March 29th, 2013 by Peter Harrington

One of the interests of the Military Collection are Panoramas and besides acquiring the Garibaldi Panorama as a gift in 2005, the collection owns numerous small panoramas on paper. A recent addition is the humorous Ye Berlyn Tapestrie. Modeled after the famous Bayeux Tapestry which records the events leading up to the Norman Invasion of England and the culminating Battle of Hastings in October, 1066, this latest panorama was made in London in 1915 at the height of World War One. Printed by Edward Evans Ltd in ‘Ye Studio Offices’, it was the work of the well known illustrator, John Hassall (1868-1948).

This is a red and black printed panorama measuring 135 x 4,625 mm, consisting of five sheets conjoined. These are folded into decorated printed paper wrapper covers 140 x 172 mm.
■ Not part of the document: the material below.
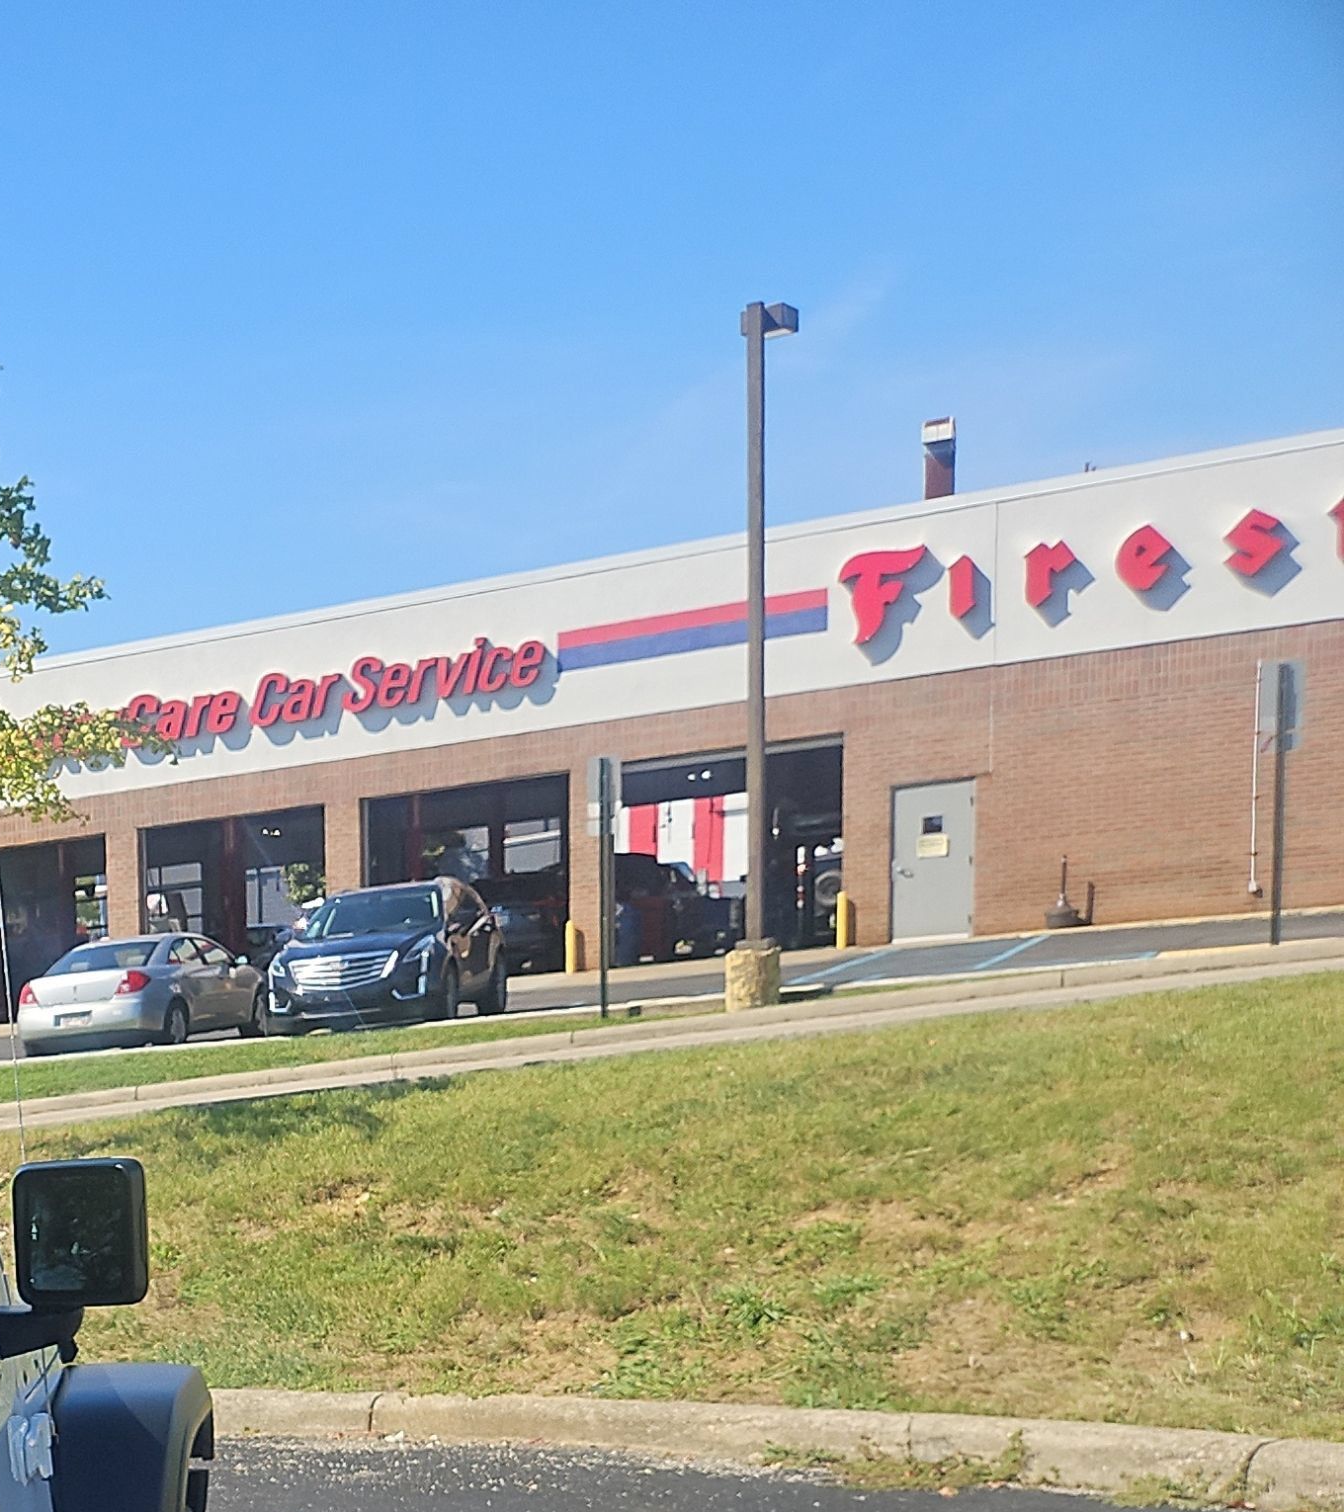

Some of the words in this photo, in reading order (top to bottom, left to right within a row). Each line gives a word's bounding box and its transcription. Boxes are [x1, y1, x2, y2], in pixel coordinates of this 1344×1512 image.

In all, there are thirty scenes in this leporello style of binding.

The dealer’s catalog describes this as a ‘comic panorama drawn in the manner of the Bayeux Tapestry, depicting the Kaiser making preparations for the Great War, the invasion of Belgium and North France, the deliberate destruction of churches and hospitals, the arrival of the British forces, the digging of trenches, the sinking of neutral shipping, the use of submarines, balloons, and aeroplanes, and the liberal awarding of iron crosses. Every stereotypical anti-German sentiment [is] included’. Other images include the bombardment of Reims Cathedral, poison gas and the chemists experimenting to create it, as well as a sinking ship which can be interpreted as the Lusitania on May 7, 1915.

Jens Meinrenken, a German researcher,  suggests that the colors used in the printing parody the German Empire and its symbols, ‘especially the characteristic spiked helmets, the Imperial Eagle and the Iron Cross’. The artist represents the German soldiers as ‘doltish, gluttonous, inhumane and uncivilised’, reaffirming the popular image then circulating  of the alleged atrocities committed by them in Belgium in August and September 1914.

Source: Jens Meinrenken, ‘The Deadly Face of War – John Hassall’s Ye Berlyn Tapestrie‘; paper presented at the Imperial War Museum conference, August 2011, Comics & Conflicts. Stories of War in Comics, Graphic Novels & Manga.